Lisa Sullivan Blackie Lucy July 2013

Image of Blackie and Lucy Sullivan courtesy of Yours Truly. All Rights Reserved.

Was trying to come up with a super fantastic well-worded (keyworded) title for this post but scratched the idea for simple and to the point…because really my heart just breaks for our North Carolina pets.

Notice I didn’t say “Triangle” pets. This is a state-wide issue.

In the last couple of days I’ve seen Facebook posts from two AMAZING local animal organizations either in need of something for their organization (Saving Grace NC) or in response to an animal left somewhere (Johnston County Animal Protection League). Raleigh-area Saving Grace NC posted this –

Saving Grace NC Facebook Post for Supplies Donations July 2013

Image credit: Saving Grace NC Facebook Page

The Johnston County Animal Protections League posted a share that was made on their Facebook Page about a dog that was left at a local Johnston County church. The canine in that image looks so hot and yet so comfortable, happy to be lying on a soft piece of furniture; not the ground. If you read through the comments on that post, you’ll notice that the woman who picked up the dog mentions that another one was left at the same church the next day.

I’m sorry but…

I don’t get it!

In fact, in the Triangle alone the issue is so bad that both WNCN NBC 17 and WTVD ABC 11 reported recently about the overcrowding at the Wake County Animal Shelter. In fact, in the ABC 11 piece, WCAS Director, Jennifer Federico is quoted as saying, “Some people are like OK, I can’t. Take them anyway. I don’t get that and they’re OK with that and leave them,” when pet owners are told there’s a distinct possibility their pet may be put down because the chances of s/he getting adopted are so slim.

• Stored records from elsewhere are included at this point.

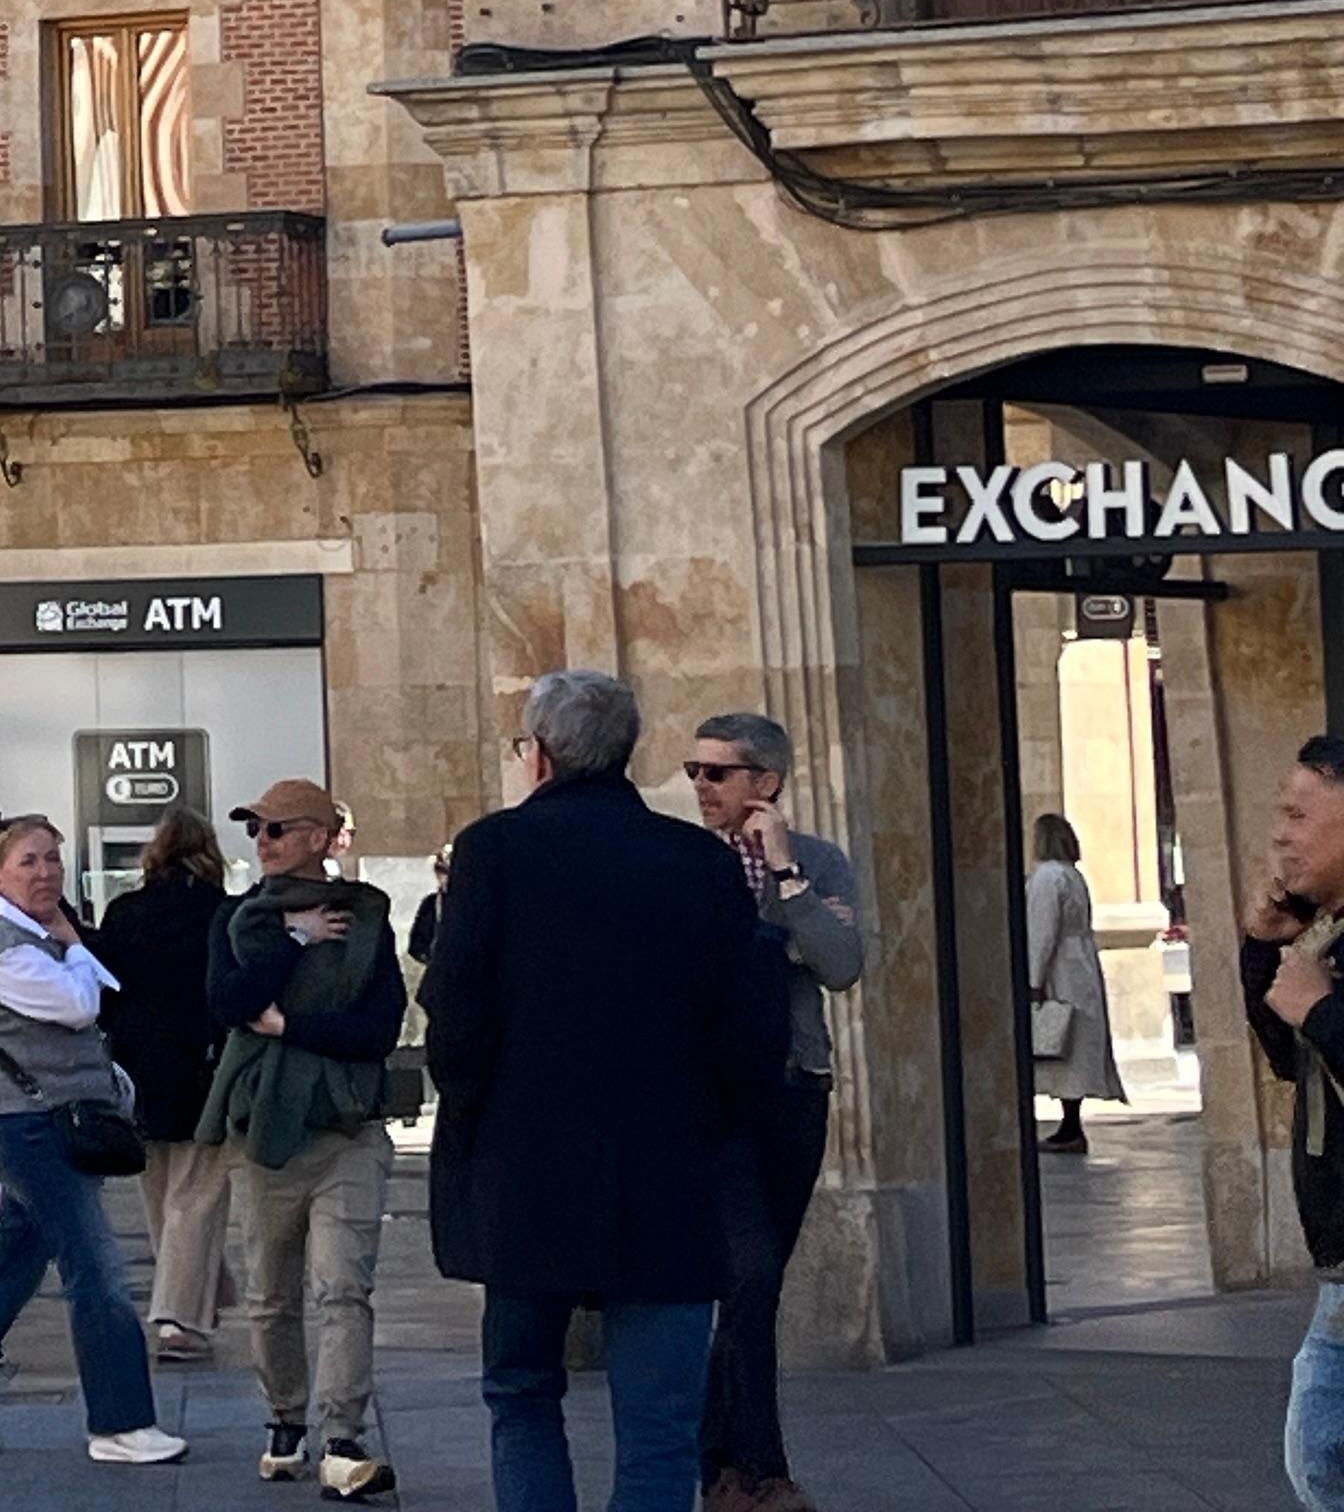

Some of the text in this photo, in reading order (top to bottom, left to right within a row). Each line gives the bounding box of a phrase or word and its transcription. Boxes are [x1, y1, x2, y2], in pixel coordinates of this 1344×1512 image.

[66, 600, 128, 617] Global
[144, 597, 221, 631] ATM
[108, 740, 176, 769] ATM
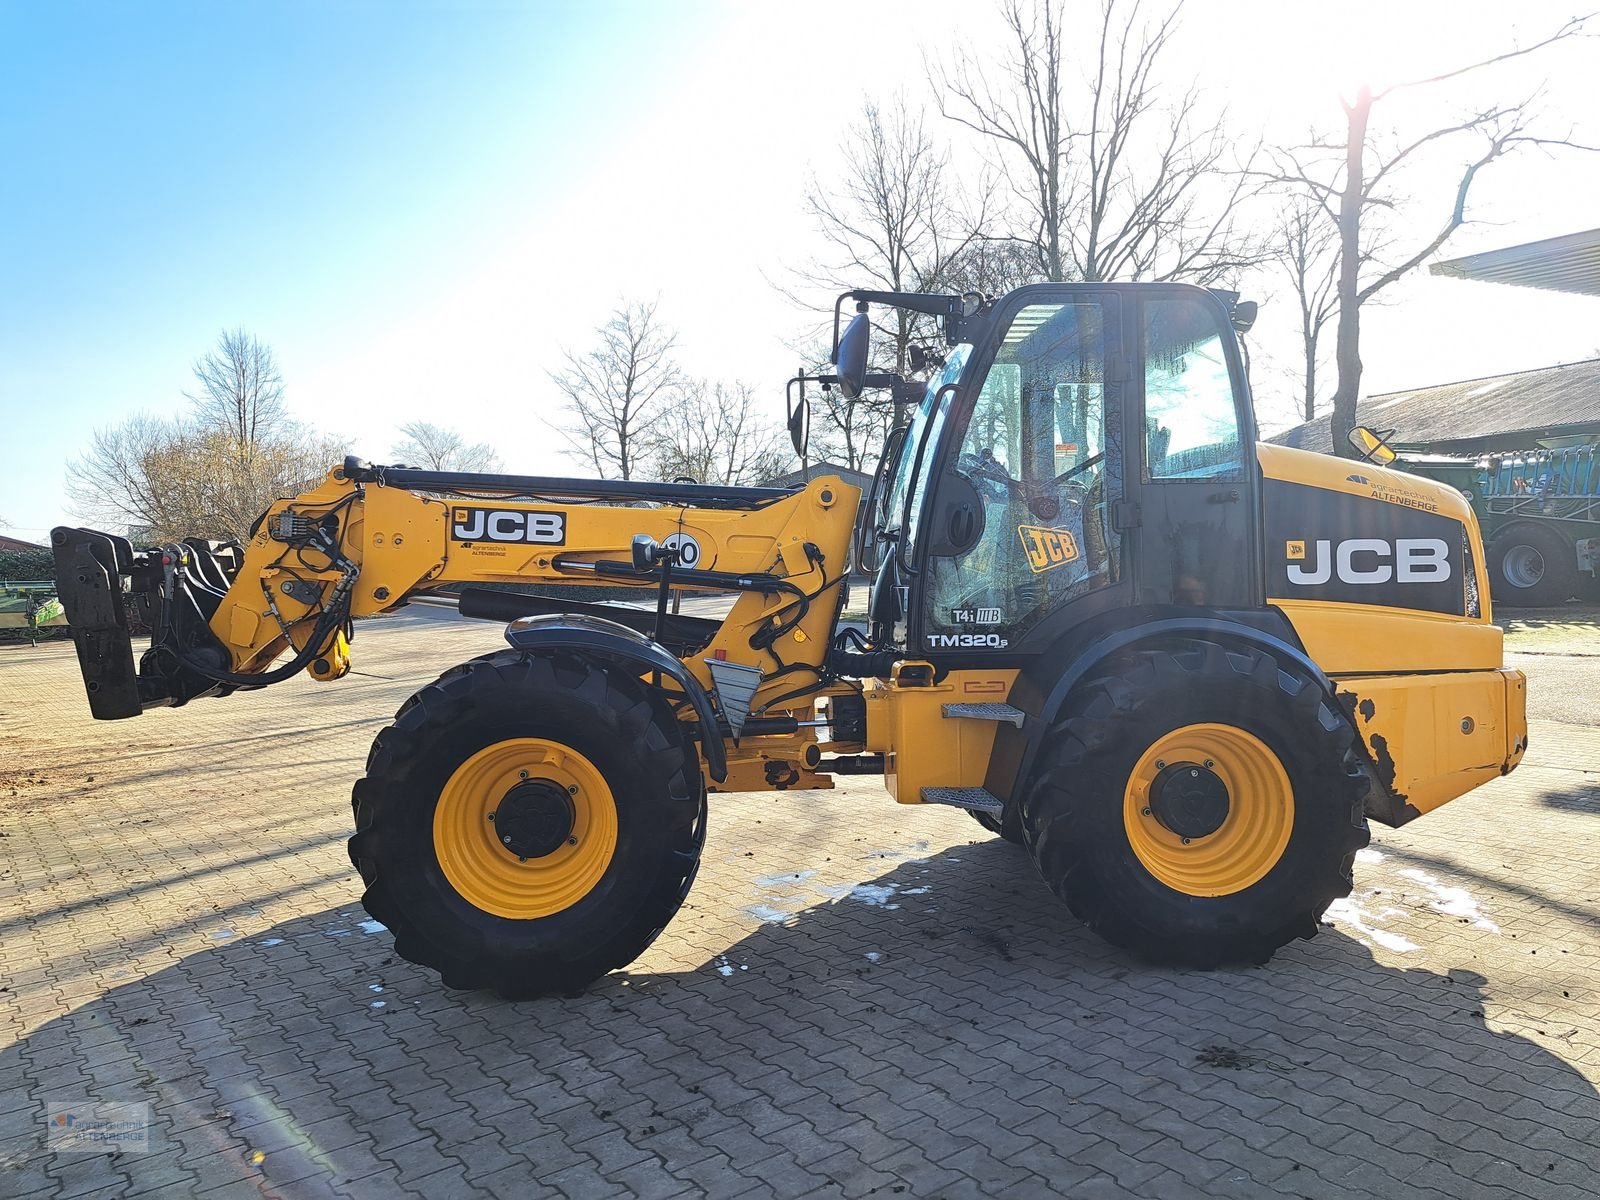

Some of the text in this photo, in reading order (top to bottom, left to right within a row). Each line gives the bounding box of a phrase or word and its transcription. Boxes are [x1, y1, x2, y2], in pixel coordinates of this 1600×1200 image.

[1370, 482, 1437, 503] agrartechnik
[1370, 490, 1438, 512] ALTENBERGE
[454, 510, 564, 543] JCB
[1028, 529, 1076, 567] JCB
[1286, 538, 1451, 585] JCB
[953, 609, 976, 623] T4i

Here’s what I picture – little Benji who was once John & Sally Sue Smith’s precious canine for 3 years is all smiles & panting as he goes to the shelter worker when called. As the leash is being placed around his neck, he’s still smiling and panting . I always think they’re thinking either – “YAY! A walk” or food or something. He’s probably thinking either “Thank goodness cuz I gotta go pee” or “Oooh. Oooh. It’s my time. I’m going home with another family!” But he doesn’t “go home”. He’s led down the hall to a procedure room. And I’ll leave it at that. You can continue painting the image in your own mind.

Again, I say –

I don’t get it.

Really? I mean…really?

According to a recent report by the Humane Society, the United States has –

“…come a long way over the last few decades in increasing pet ownership and decreasing euthanasia. From 1970 to 2010, the number of dogs and cats in homes has increased from 67 million to 164 million. The annual number of dogs and cats euthanized in shelters has also decreased from 12-20 million to 3.4 million. However, there’s still work to do: An estimated 2.7 million healthy shelter pets are not adopted each year, and only about 30 percent of pets in homes come from shelters and rescues.”

Did you catch that – we’re down pet euthanization from 12-20 million to 3.4 million. 3.4 million. Still can’t wrap my brain around that. While the news is positive, the statistics are still high…TOO high.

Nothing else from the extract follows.